# ACTIVITY
As you restate the entries, keep every word intact and leave out whatever images they hold.

______

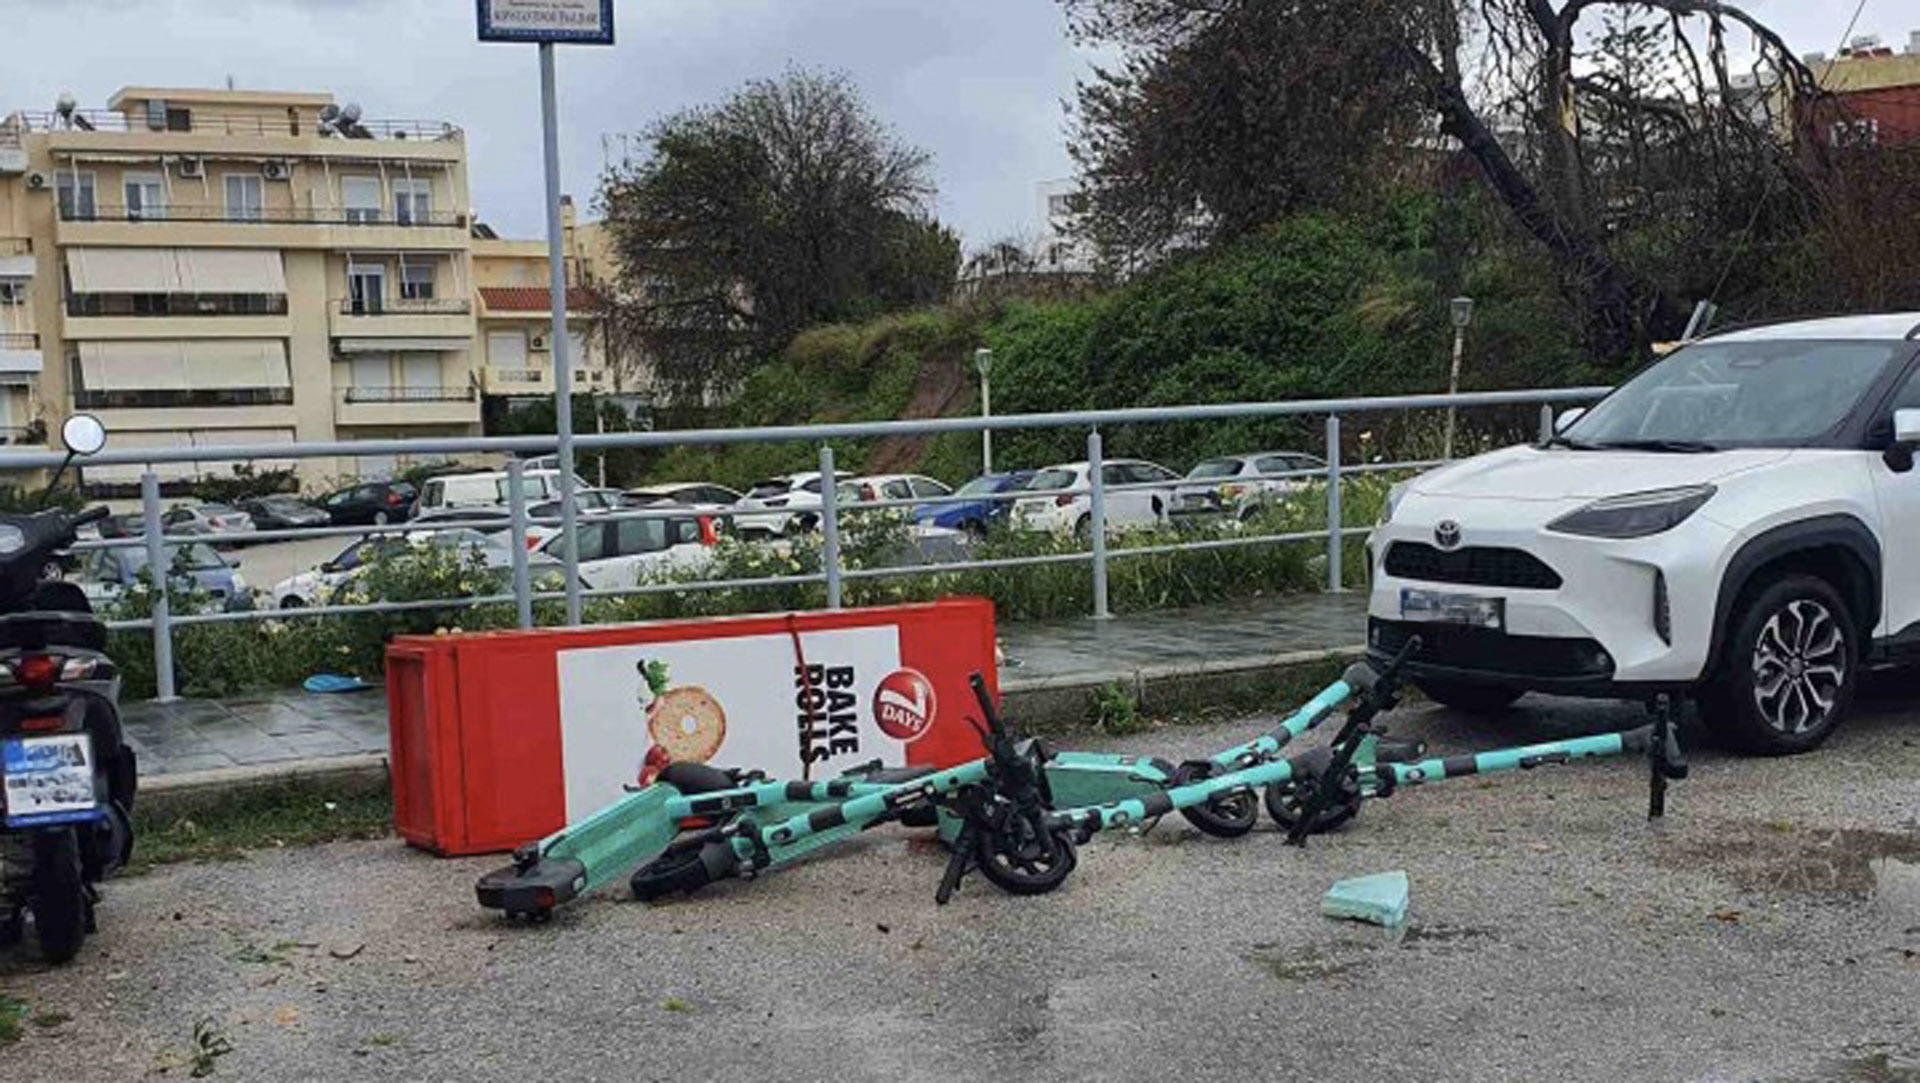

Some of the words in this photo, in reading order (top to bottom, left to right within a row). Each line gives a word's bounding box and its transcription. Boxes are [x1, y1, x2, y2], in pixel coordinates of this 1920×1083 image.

[795, 665, 830, 764] ROLLS
[826, 666, 859, 755] BAKE
[880, 678, 927, 719] 7
[882, 704, 924, 731] DAYS
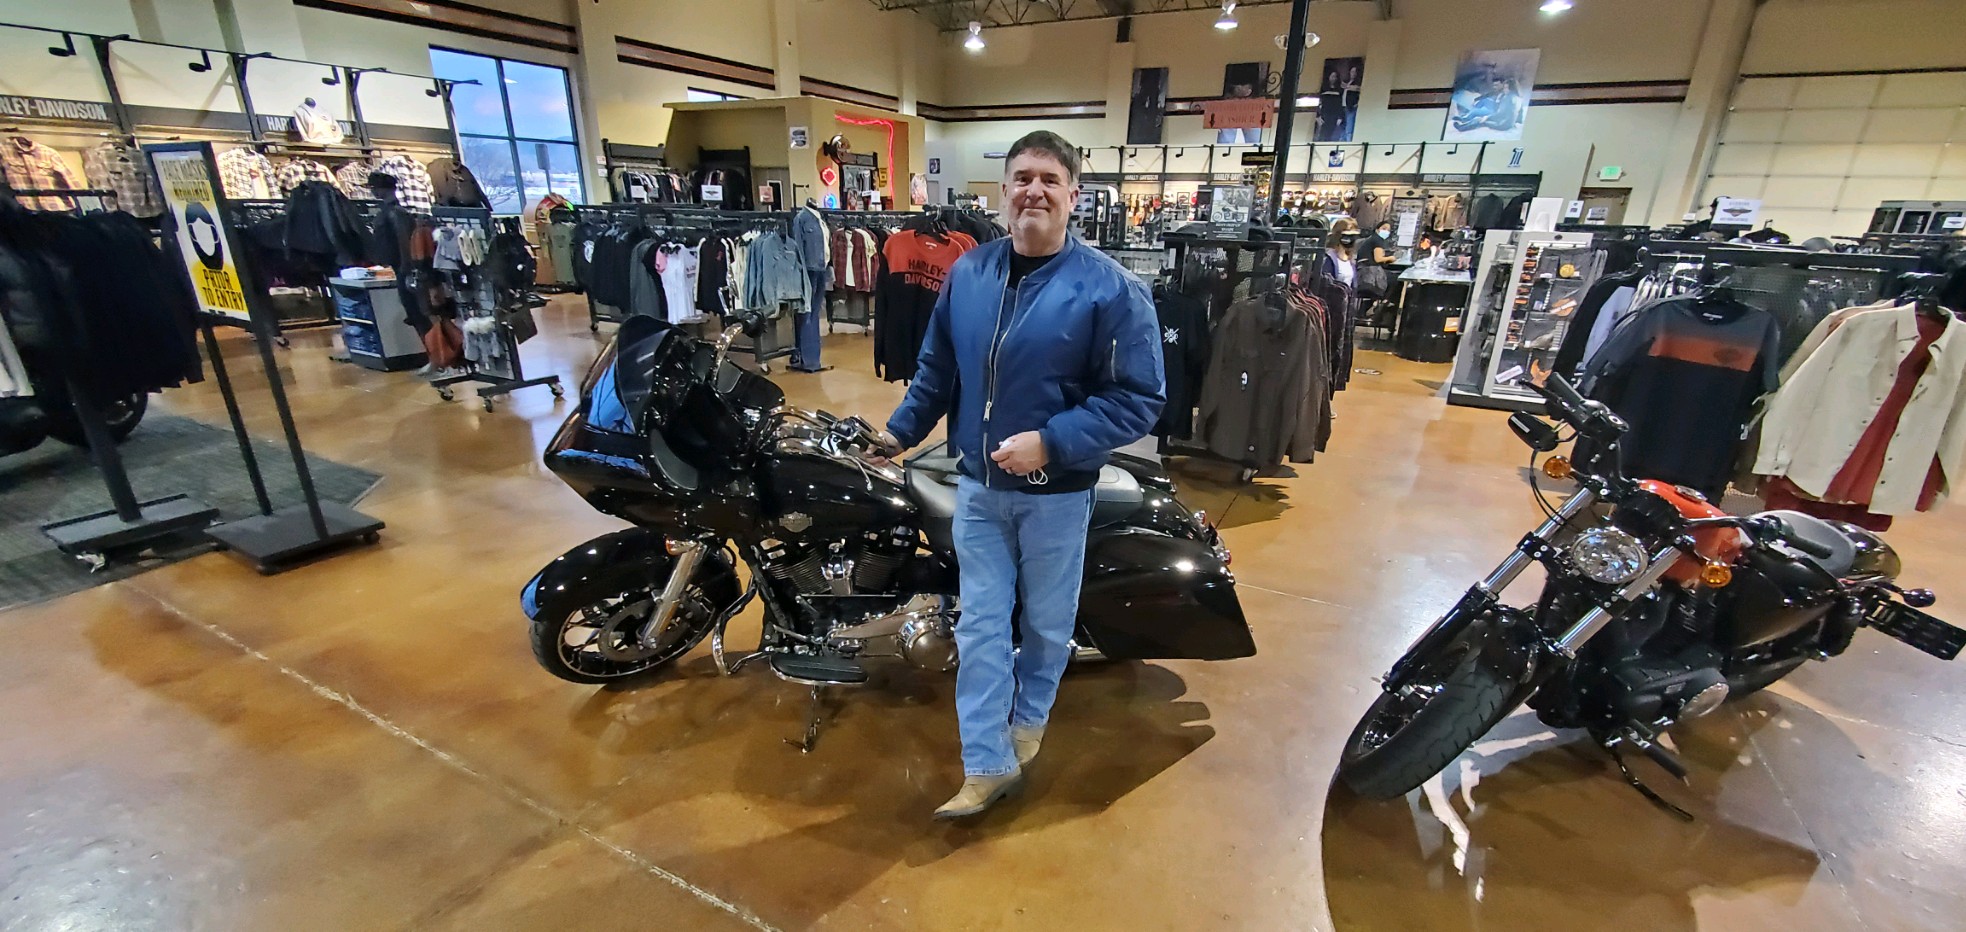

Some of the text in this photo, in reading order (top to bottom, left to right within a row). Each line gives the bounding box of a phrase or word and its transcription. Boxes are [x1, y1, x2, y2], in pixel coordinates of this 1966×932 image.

[203, 269, 233, 290] PRIOR
[202, 286, 244, 311] TO ENTRY
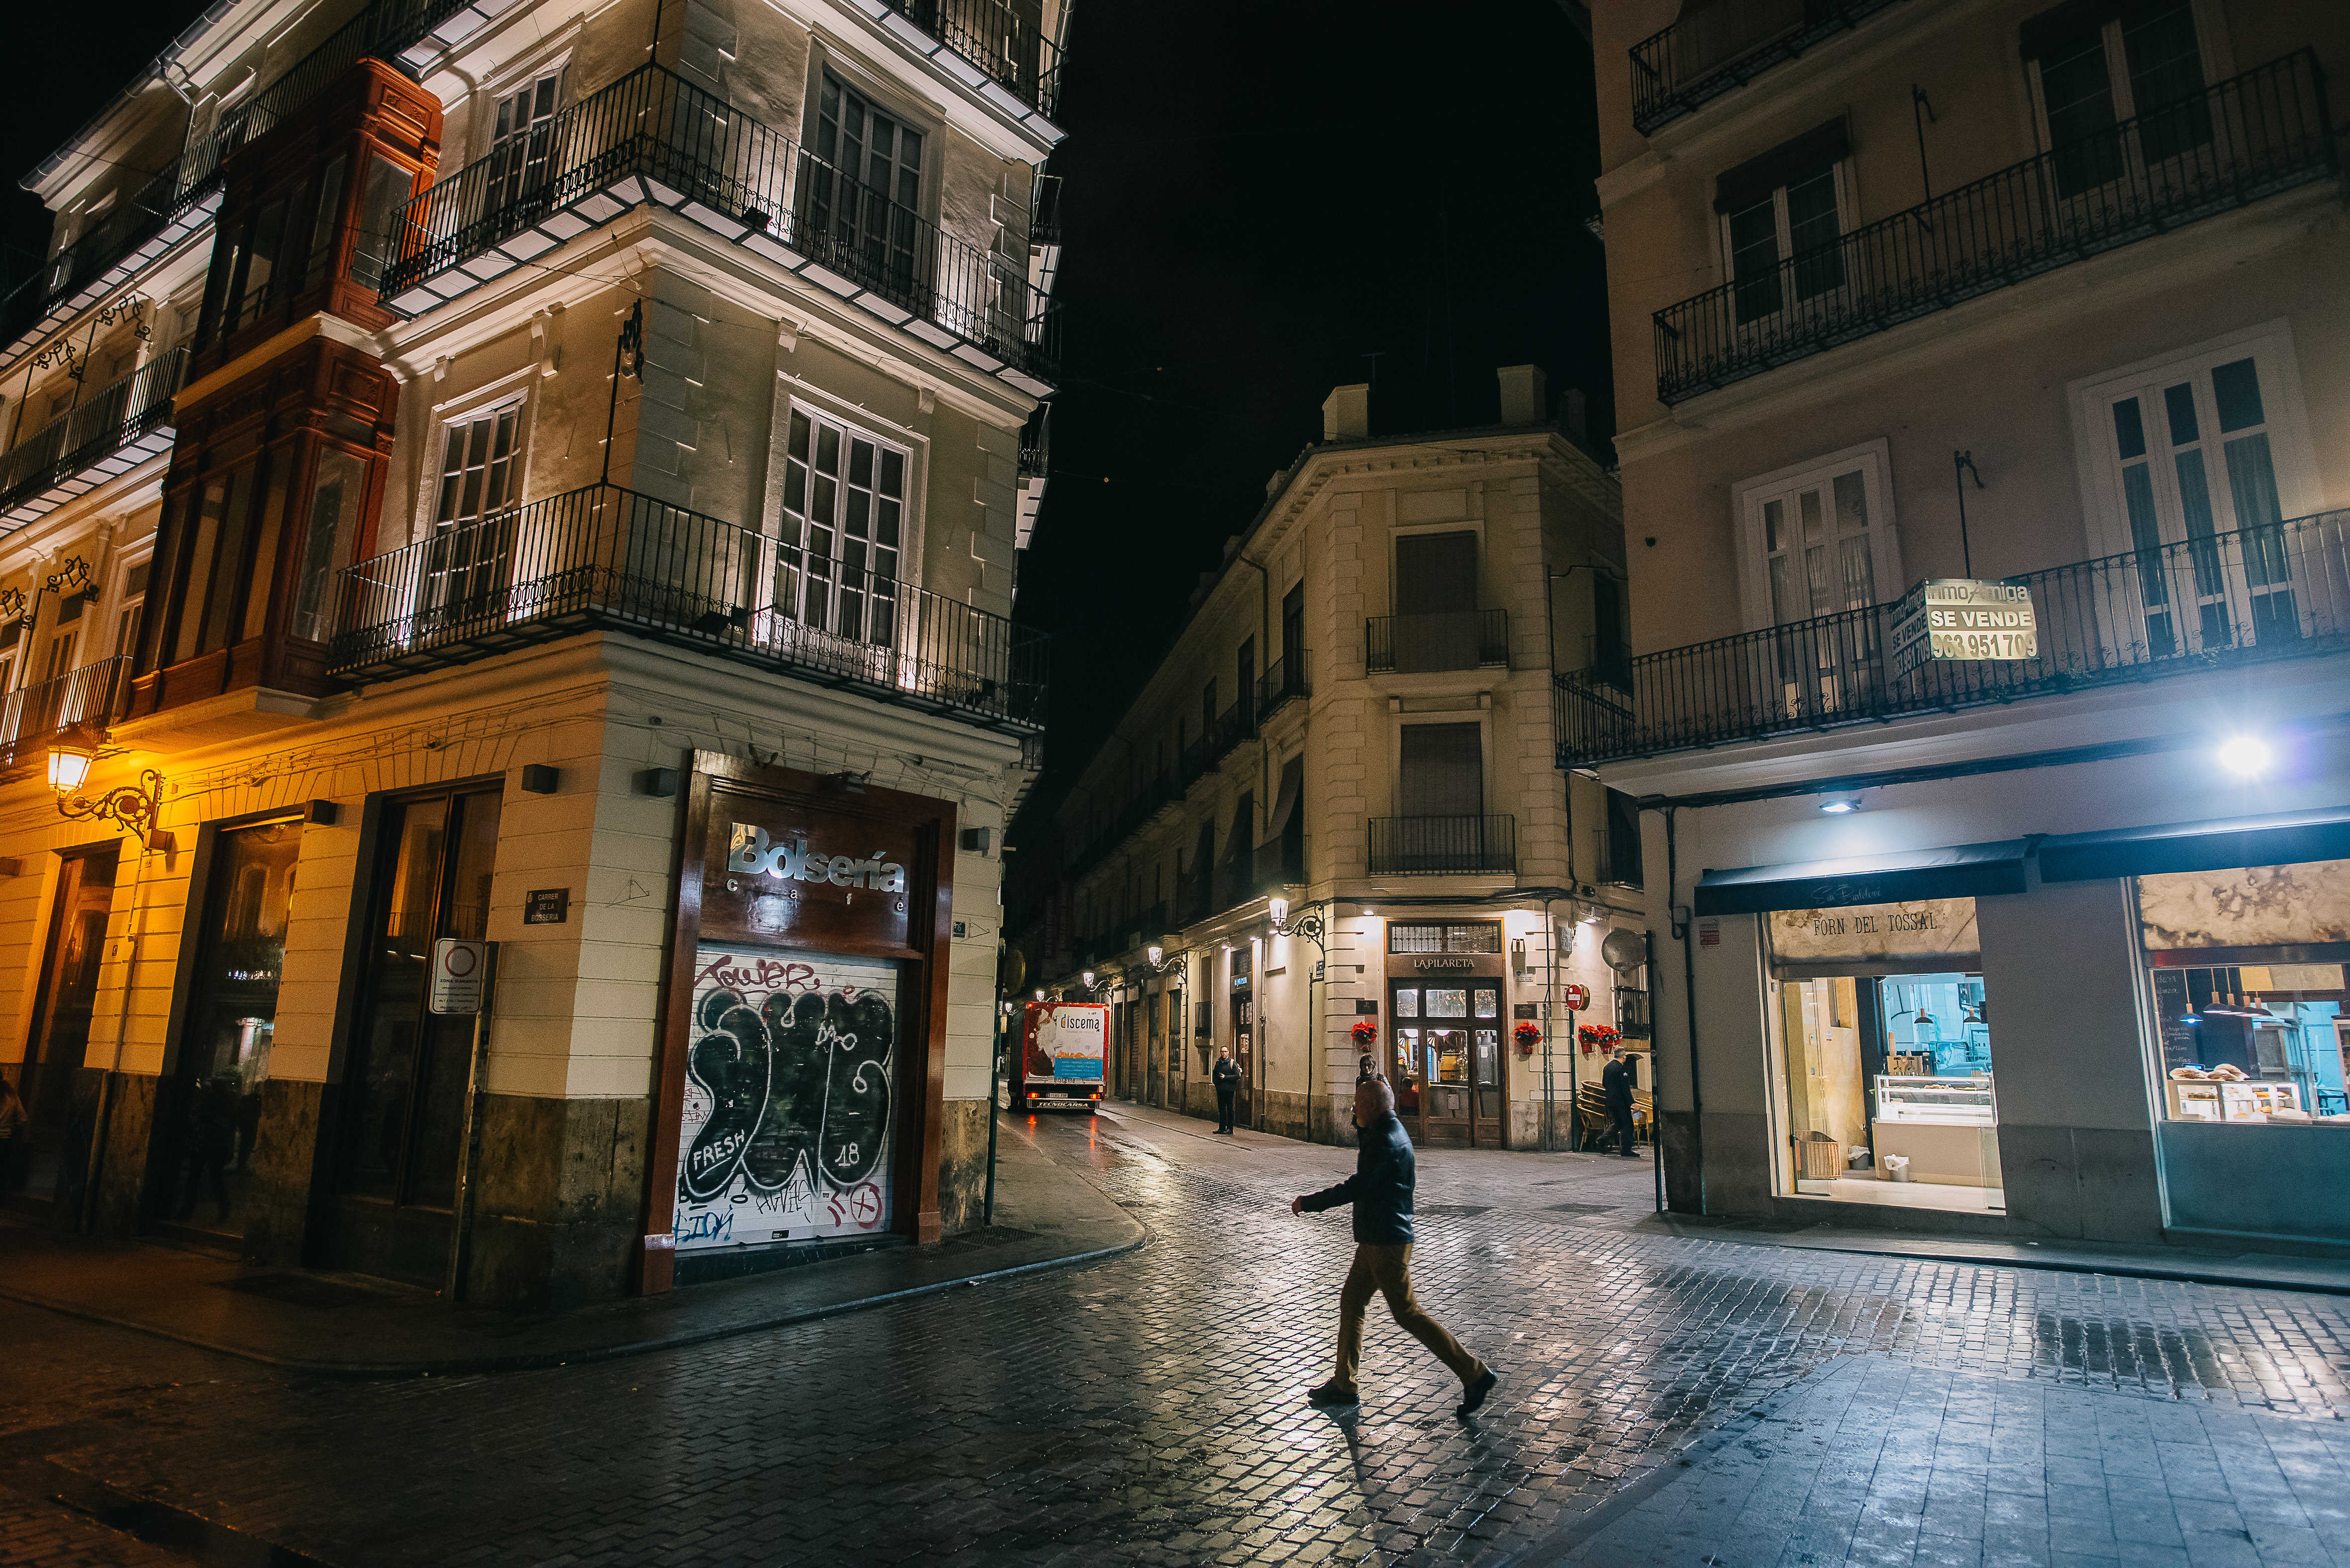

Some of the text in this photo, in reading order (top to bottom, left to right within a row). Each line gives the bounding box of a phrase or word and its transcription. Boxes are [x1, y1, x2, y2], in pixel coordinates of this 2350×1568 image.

______

# RESPONSE
Some of the words in this photo, in reading order (top to bottom, left to right within a row). Each line gives a word's bounding box and its transcription. Boxes are [x1, y1, x2, y2], in pixel coordinates of this 1920×1083 image.

[795, 665, 830, 764] ROLLS
[826, 666, 859, 755] BAKE
[880, 678, 927, 719] 7
[882, 704, 924, 731] DAYS

Some of the text in this photo, in reading order (top to bottom, left to right within a row). Each line gives the bounding box of a phrase or word and its transcription. Boxes are [x1, y1, x2, y2], in pixel coordinates of this 1966×932 image.

[203, 269, 233, 290] PRIOR
[202, 286, 244, 311] TO ENTRY

Some of the text in this photo, in reading order (top to bottom, left to right within a row). Each line gives the bounding box of a phrase or word and its transcription. Boxes are [x1, y1, x2, y2], in pixel coordinates of this 2350×1568 image.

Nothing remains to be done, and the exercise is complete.